BEIJING — China said Thursday it is providing COVID-19 vaccines to nearly 40 African countries, describing its actions as purely altruistic in an apparent intensification of what has been described as “vaccine diplomacy.”
The vaccines were donated or sold at “favorable prices,” Foreign Ministry official Wu Peng told reporters.
Wu compared China’s outreach to the actions of “some countries that have said they have to wait for their own people to finish the vaccination before they could supply the vaccines to foreign countries,” in an apparent dig at the United States.
“We believe that it is, of course, necessary to ensure that the Chinese people get vaccinated as soon as possible, but for other countries in need, we also try our best to provide vaccine help,” said Wu, who is director of the ministry’s Africa department.
While the U.S. has been accused by some of hoarding vaccines, President Joe Biden on Monday pledged to share an additional 20 million vaccine doses in the coming six weeks, bringing the total U.S. commitment to 80 million. The Biden administration hasn’t said which countries will receive them.
The doses will come from existing U.S. production of Pfizer, Moderna or Johnson & Johnson vaccine stocks. The administration previously committed to share about 60 million doses of the AstraZeneca vaccine by the end of June.
The U.N. Security Council called on Wednesday for accelerated availability of COVID-19 vaccines for Africa, expressing concern that the continent has only received about 2% of all vaccines administered globally.
A presidential statement approved by all 15 members at a council meeting on African issues reiterated the need for “equitable access” to quality, affordable COVID-19 tests, treatments and vaccines.

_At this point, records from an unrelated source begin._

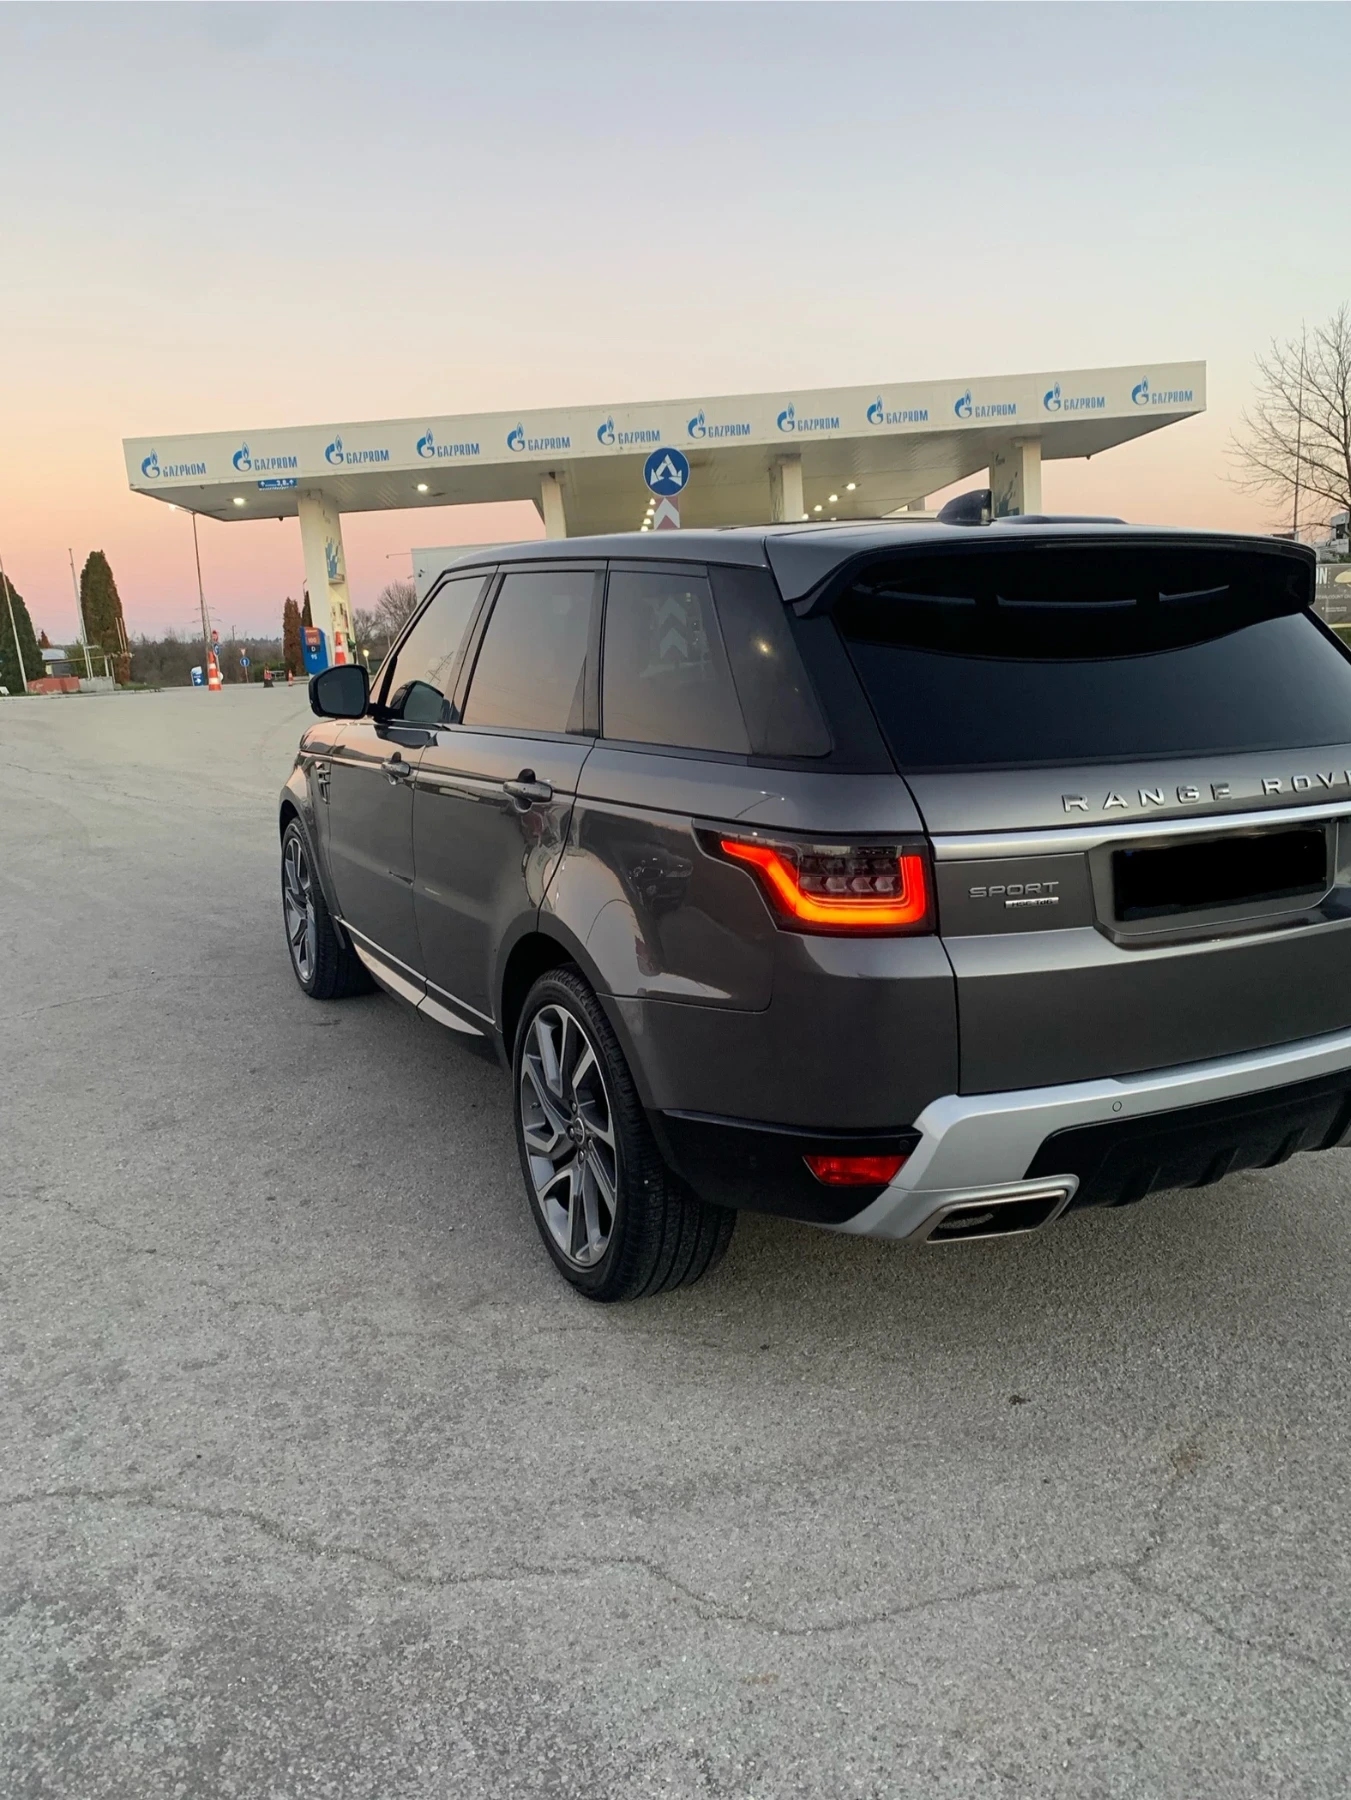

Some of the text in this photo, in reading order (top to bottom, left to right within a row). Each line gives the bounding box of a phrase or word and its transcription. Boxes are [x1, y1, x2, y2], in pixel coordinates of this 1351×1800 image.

[1064, 396, 1106, 410] GAZPROM
[1151, 389, 1194, 404] GAZPROM
[887, 408, 929, 423] GAZPROM
[975, 403, 1018, 417] GAZPROM
[709, 423, 752, 438] GAZPROM
[798, 416, 841, 431] GAZPROM
[528, 436, 571, 451] GAZPROM
[617, 429, 660, 445] GAZPROM
[346, 448, 391, 464] GAZPROM
[438, 442, 480, 457] GAZPROM
[255, 455, 298, 471] GAZPROM
[1061, 782, 1233, 813] RANGE
[968, 881, 1060, 898] SPORT

China’s vaccine diplomacy has been a surprising success: It has pledged roughly half a billion doses of its vaccines to more than 45 countries, according to an Associated Press tally.
With just four of China’s many vaccine makers claiming they are able to produce at least 2.6 billion doses this year, a large part of the world’s population will end up inoculated not with the fancy Western vaccines boasting headline-grabbing efficacy rates, but with China’s humble, traditionally made shots.
Egypt will start locally producing China’s Sinovac COVID-19 vaccine in June, with Sinovac enabling the Egyptian side to obtain the expertise and technical assistance to produce the vaccine, giving the license to manufacture and pack the vaccine in Egypt.
“Aid alone cannot solve Africa’s vaccine issues. We must support local manufacturing of vaccines in Africa, even though this is difficult due to (low) levels of industrialization,” Wu said.